Percy was holding one arm out in front of him.
“I’m going to cut him up good,” Percy said.
Duff breathed a sigh of relief, knowing that it wasn’t a gun. He wasn’t armed, and under the circumstances, he thought it would be a lot easier to deal with someone who was holding a knife than it would be to deal with someone who had a gun.
“I’m over here, Percy,” Duff said.
“What?” Percy said. He moved quickly toward where Duff had been when he spoke. But Duff had stepped to one side, and he felt, heard, and saw Percy make a wild and unsuccessful swipe with his blade.
Duff reached out at the exact moment Percy’s arm was most extended. Putting one hand on Percy’s elbow and the other on Percy’s wrist, he jerked the arm back, breaking it at the elbow.
“Ahhh!” Percy screamed in pain.
Duff heard the knife hit the ground, and reaching down quickly, he picked it up and tossed it into the river, hearing the little splash as it went in.
“Percy!” the woman shouted.
“He’s here,” Duff said.
“Percy, what happened?”
“The son of a bitch broke my arm!” Percy said, his voice strained with pain.
“Aye, but ye should be glad ’twas your arm I broke, and not your neck,” Duff said.
“You son of a bitch! You broke Percy’s arm?” the woman said, angrily.
“Tch, tch, such language from a lady,” Duff said. “Sure now, lass, an’ I’m beginnin’ to think ye were in nae danger at all, now, were ye?” Duff asked.
“Kill him, Percy! Kill him!” the woman said, her voice rising in fear.
“Kill him? I can barely move, you dumb bitch! How am I going to kill him?”

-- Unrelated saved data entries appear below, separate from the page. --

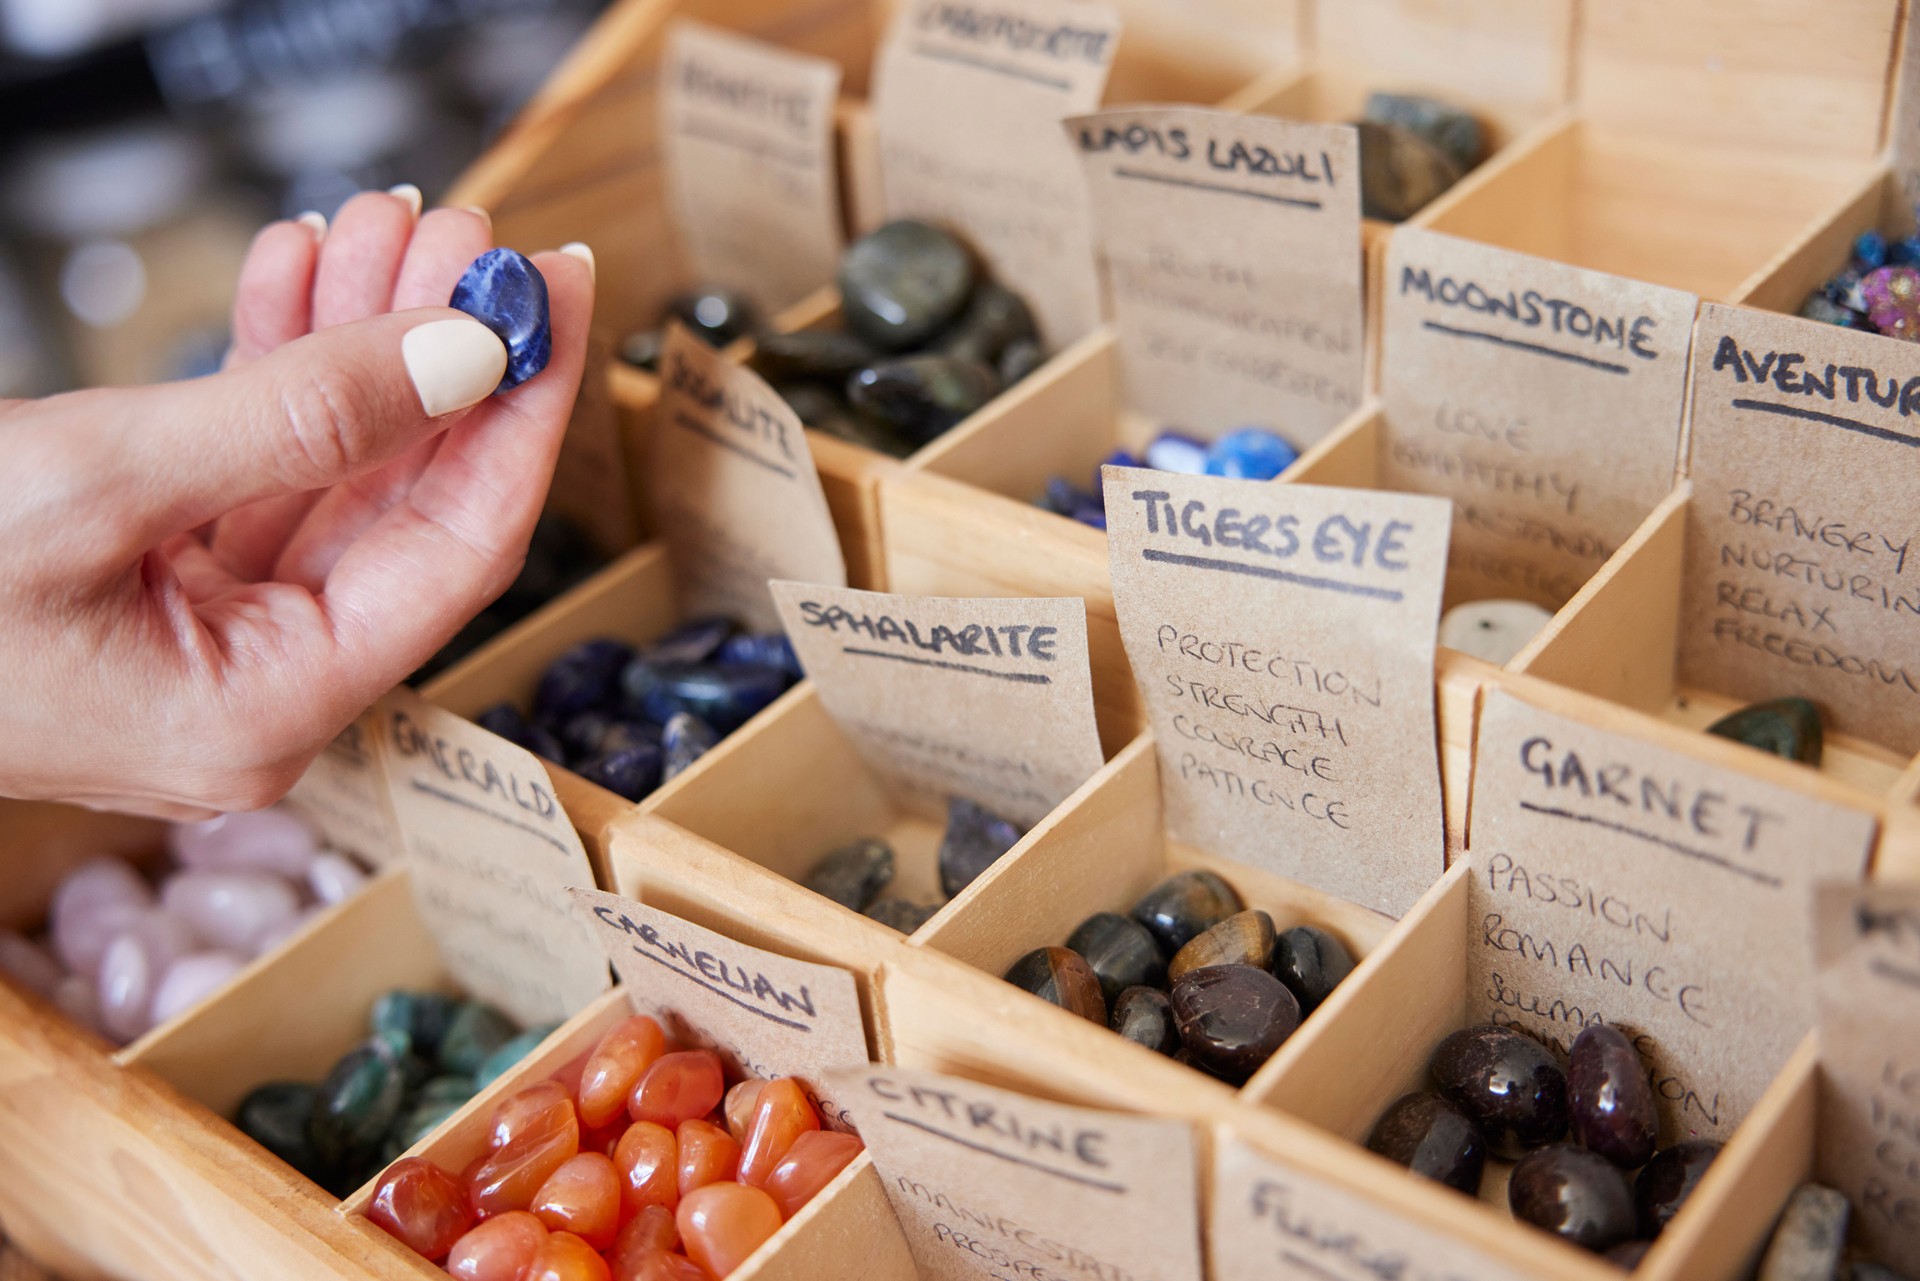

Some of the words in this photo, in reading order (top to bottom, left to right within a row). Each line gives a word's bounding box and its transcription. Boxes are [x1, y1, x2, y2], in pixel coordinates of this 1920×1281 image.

[1208, 139, 1336, 187] LAZULI
[1400, 265, 1659, 361] MOONSTONE
[1132, 489, 1300, 559] TIGERS
[1312, 513, 1413, 571] EYE
[1729, 489, 1910, 575] BRAVERY
[799, 600, 1058, 662] SPHALARITE
[1716, 580, 1838, 634] RELAX
[1157, 624, 1382, 708] PROTECTION
[1713, 617, 1919, 695] FREEDOM
[1166, 674, 1349, 748] STRENGTH
[1173, 714, 1337, 782] COURAGE
[393, 710, 557, 820] EMERALD
[1519, 735, 1786, 852] GARNET
[1488, 852, 1672, 943] PASSION
[592, 905, 817, 1018] CARNELIAN
[1483, 913, 1714, 1029] ROMANCE
[867, 1076, 1107, 1168] CITRINE
[933, 1222, 1052, 1281] PROSPE

“I would be for betting that I’m nae the first ye have invited down here by your ruse,” Duff said. “But ’tis thinking I am that I might be your last.”

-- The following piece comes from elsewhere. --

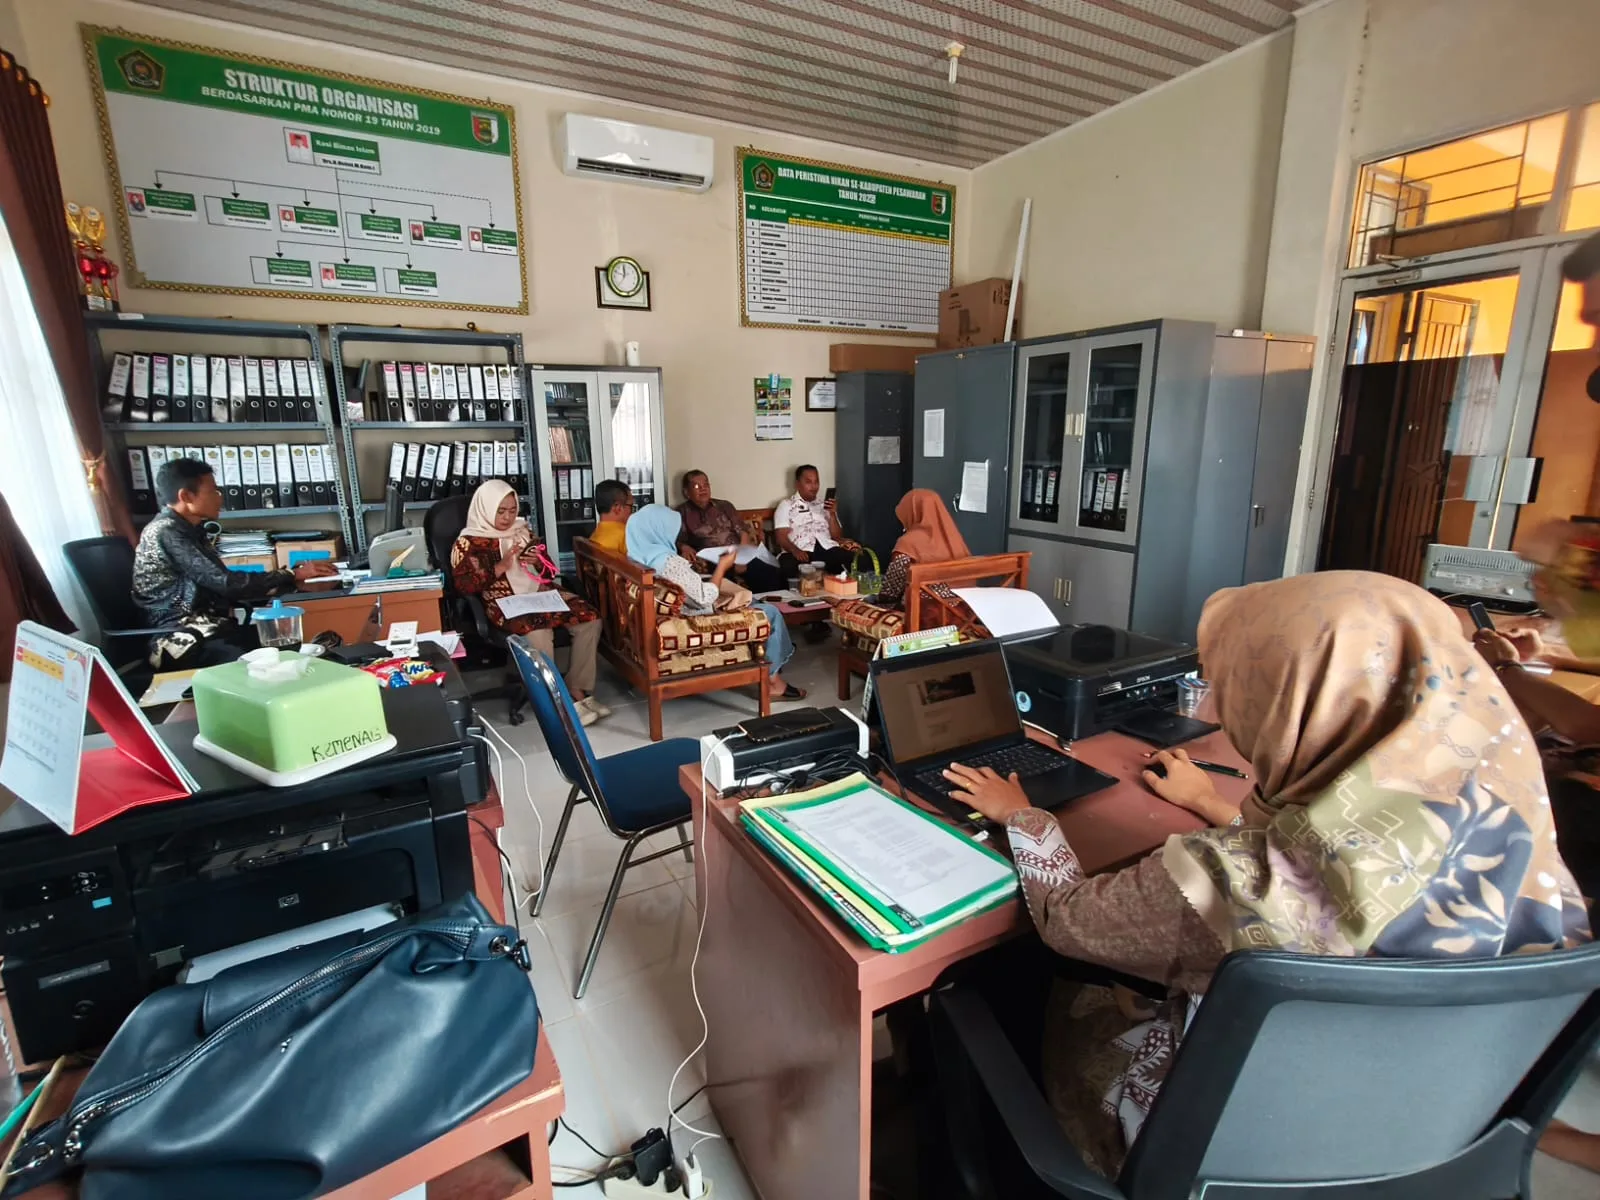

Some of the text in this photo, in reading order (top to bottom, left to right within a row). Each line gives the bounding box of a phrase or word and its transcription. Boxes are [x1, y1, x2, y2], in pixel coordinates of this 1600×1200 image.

[201, 86, 441, 136] BERDASARKAN PMA NOMOR 19 TAHUN 2019
[223, 68, 419, 121] STRUKTUR ORGANISASI
[777, 167, 926, 200] DATA PERISTIWA NIKAH SE-KABUPATEN PESAWARAN
[838, 189, 858, 202] TAHUN

“I need a doctor,” Percy said. “M’arm is about to fall off.”
“Aye, if I were you, I would get that arm looked at,” Duff said. Stepping out from under the bridge, he climbed back up the embankment. Behind him, he could hear Percy and the woman arguing.
“I got him down here for you. The rest was up to you, but you couldn’t handle it.”
“He broke my arm,” Percy replied. “Can’t you understand that? He broke my arm. I need a doctor.”
Their angry and accusing voices faded behind him as he walked through the night back toward the hotel.
“Mr. MacCallister,” the hotel clerk called to him as he crossed the lobby.
“Aye?”
“You’ve a message, sir, from a Mr. Woodson.” The clerk handed a note to Duff.
“Thank you,” Duff said.
Duff took the message over to one of the sofas in the lobby and sat there as he unfolded it to read.
The Kansas City Cattle Exchange can make all the arrangements to provide you with Black Angus Cattle. Good luck with your enterprise.
Woodson.
Smiling, Duff put the note in his pocket. As soon as he got back to Wyoming, he would contact the Kansas City Cattle Exchange and make whatever arrangements as might be necessary.